Bradley explains that Quinn’s has opened a site in Liverpool with this in mind. “I think our opening in Liverpool shows how critical geography is,” he explains. “We will be the only trade printer to have dual sites covering the UK and Ireland with our sites in Liverpool and Belfast.”
But physically opening up multiple production abilities or partnering with other printers costs you money, and there are plenty of printers who think a central site using reliable logistics firms is just as good.
“We partner with DPD for our delivery which means with the exception of certain extended areas (Highlands and Islands) we’re able to deliver next day to anywhere in the UK. It makes little difference to us whether the product is traveling 10 miles or 200 miles,” says Mucklow.
Ridha Jaffar adds that, internationally, couriers are improving too. “Interestingly, international delivery has never been easier due to the courier industry becoming ever more advanced and efficient. The world is our oyster!” he says.
But both stress that you have to be very careful in picking your logistics partner. “We have found there is a significant difference between various external distribution partners and you tend to get what you pay for,” says Mucklow. “As our reputation, as well as that of our clients, often rests on this, we pick our distribution partners carefully.”
For even those with multiple production sites, distribution partners tend to be crucial and again careful procurement of those services is important. “We are all in the hands of courier companies, all you can do is record them and manage the relationship. And if they are not working for you, move,” says Bradley.

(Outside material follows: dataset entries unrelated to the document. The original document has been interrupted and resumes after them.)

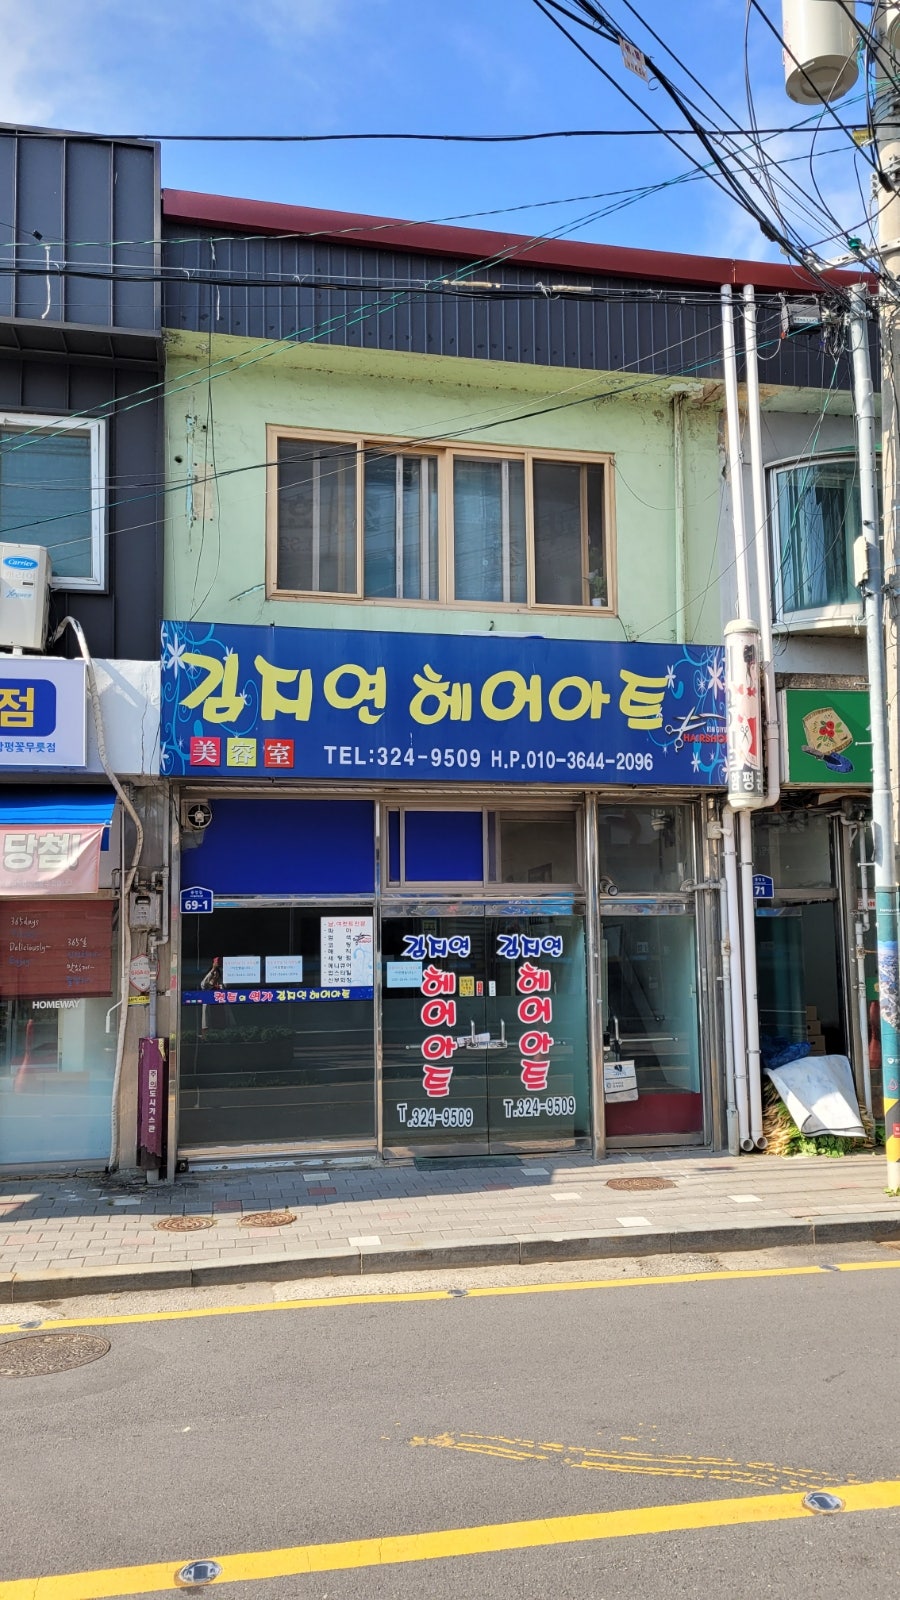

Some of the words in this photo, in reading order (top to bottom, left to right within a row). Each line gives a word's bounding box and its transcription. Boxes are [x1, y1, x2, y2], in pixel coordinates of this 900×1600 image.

[8, 558, 34, 567] Carrier
[178, 653, 387, 725] 김지연
[409, 663, 668, 730] 헤어아트
[0, 687, 35, 728] 점
[191, 739, 293, 767] 美容室
[323, 745, 481, 768] TEL:324-9509
[491, 750, 653, 771] H.P.010-3644-2096
[754, 885, 765, 895] 71
[184, 900, 208, 910] 69-1
[401, 935, 470, 959] 김지연
[496, 934, 563, 959] 김지연
[32, 1000, 80, 1009] HOMEWAY
[276, 990, 307, 1001] 김지연
[421, 964, 458, 1097] 헤어아트
[517, 962, 554, 1091] 헤어아트
[397, 1103, 473, 1127] T.324-9509
[503, 1096, 575, 1118] T.324-9509
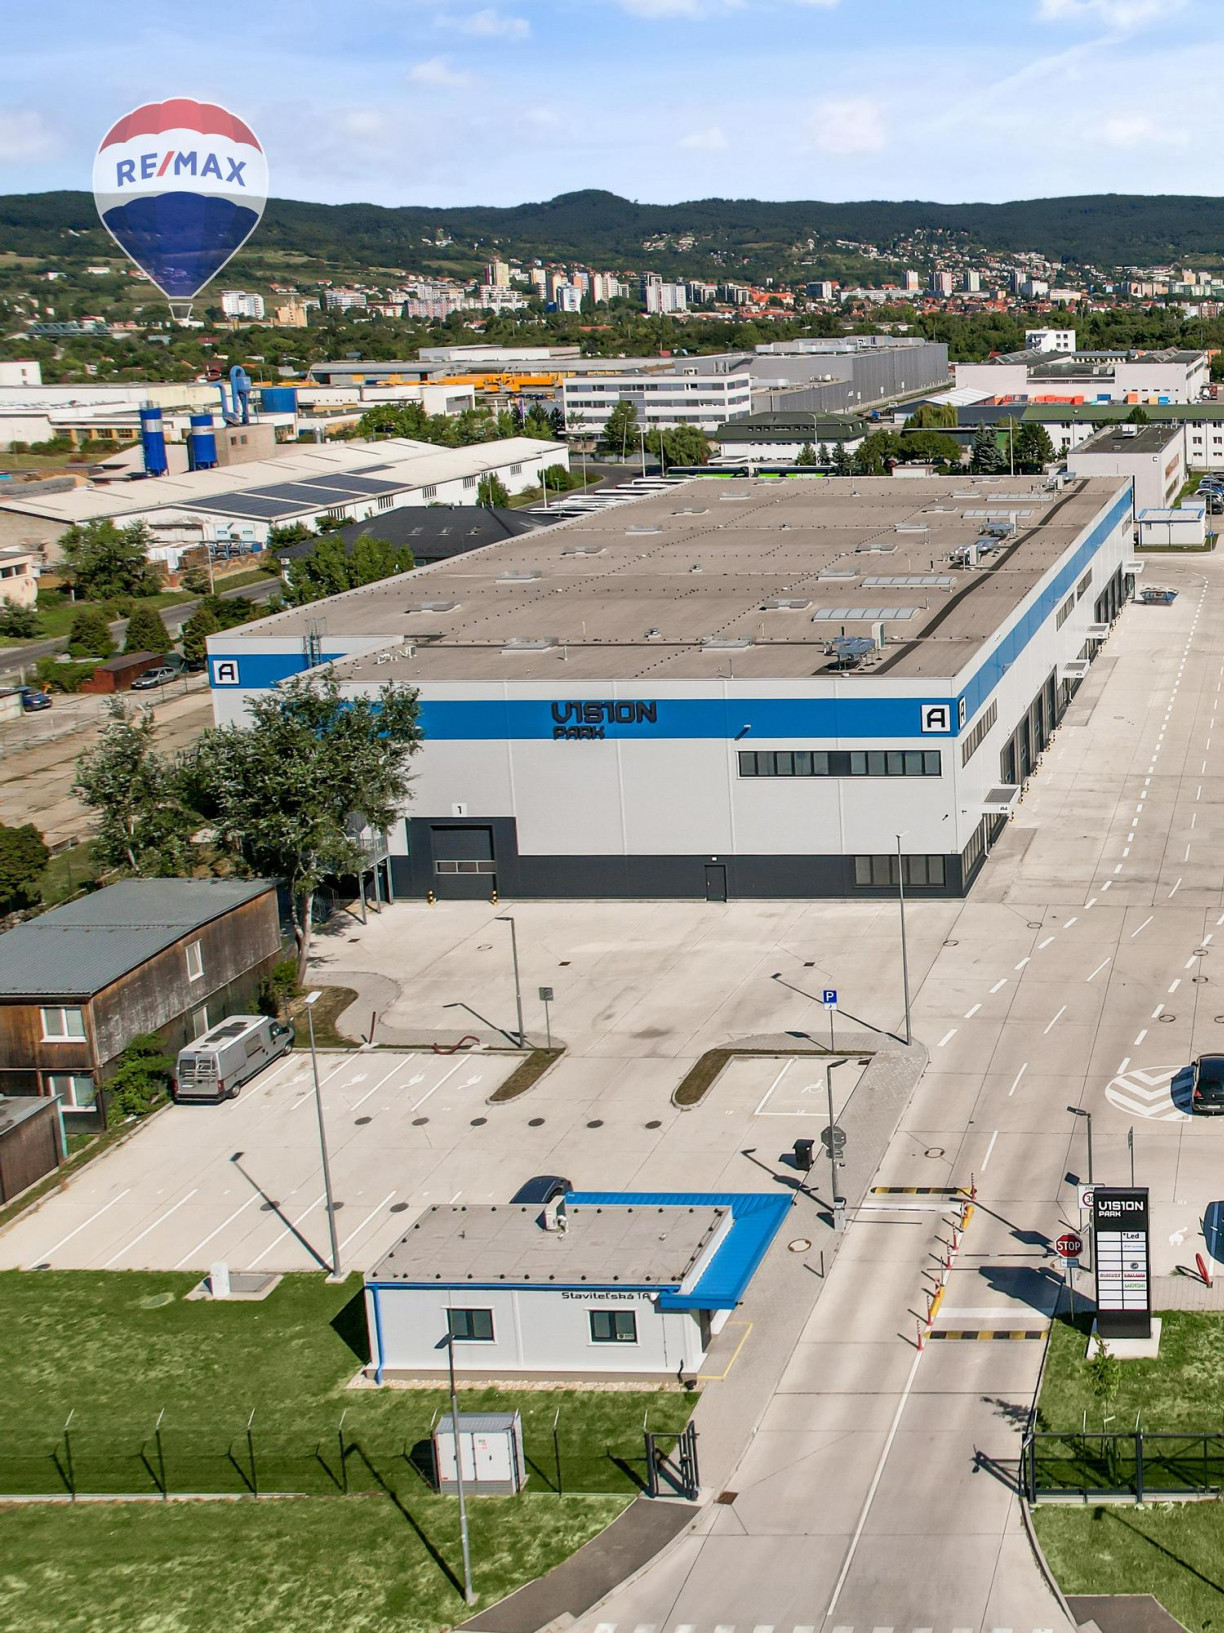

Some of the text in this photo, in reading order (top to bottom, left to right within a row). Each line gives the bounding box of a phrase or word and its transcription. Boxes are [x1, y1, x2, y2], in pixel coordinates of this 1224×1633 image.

[218, 663, 235, 680] A
[926, 708, 945, 728] A
[553, 725, 605, 740] PARK
[457, 805, 462, 815] 1
[1057, 1241, 1080, 1251] STOP
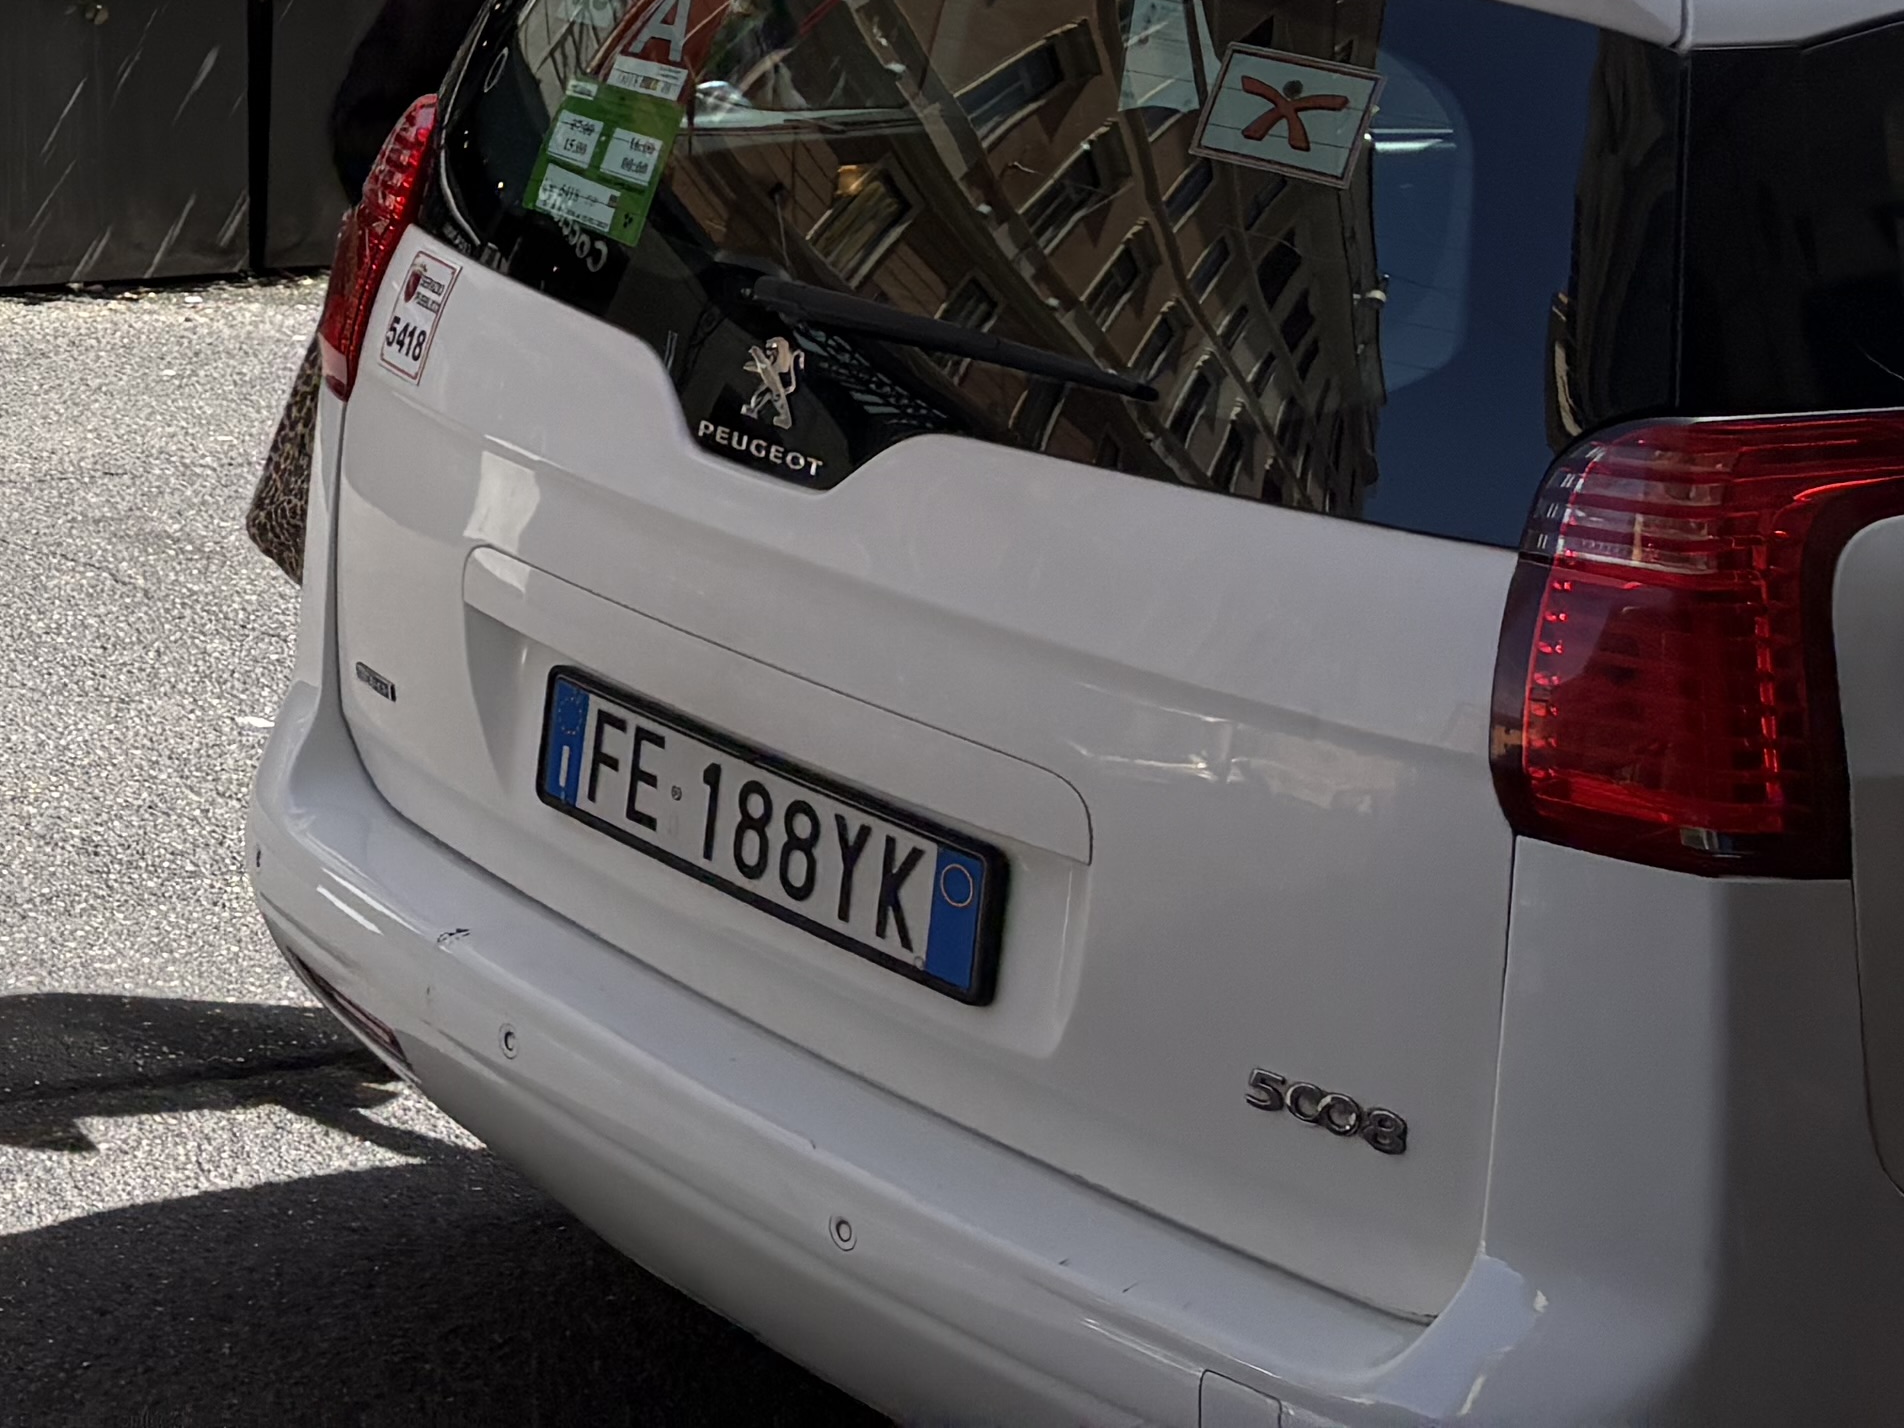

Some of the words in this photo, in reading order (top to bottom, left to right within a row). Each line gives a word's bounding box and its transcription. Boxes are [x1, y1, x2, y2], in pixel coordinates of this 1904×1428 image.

It’s a point echoed by Gary White, managing director of Northside and Bradbury Graphics in Belfast, and the TradeDigitalPrint.co.uk site. “If people need something the same day, they really need it. That sort of thing has always been the domain of the local printer and I believe it will remain so,” he notes.
“We are always aware that even if we can produce the job, the problem is always the final mile – and whether that’s your own van or a courier it’s out of your control.”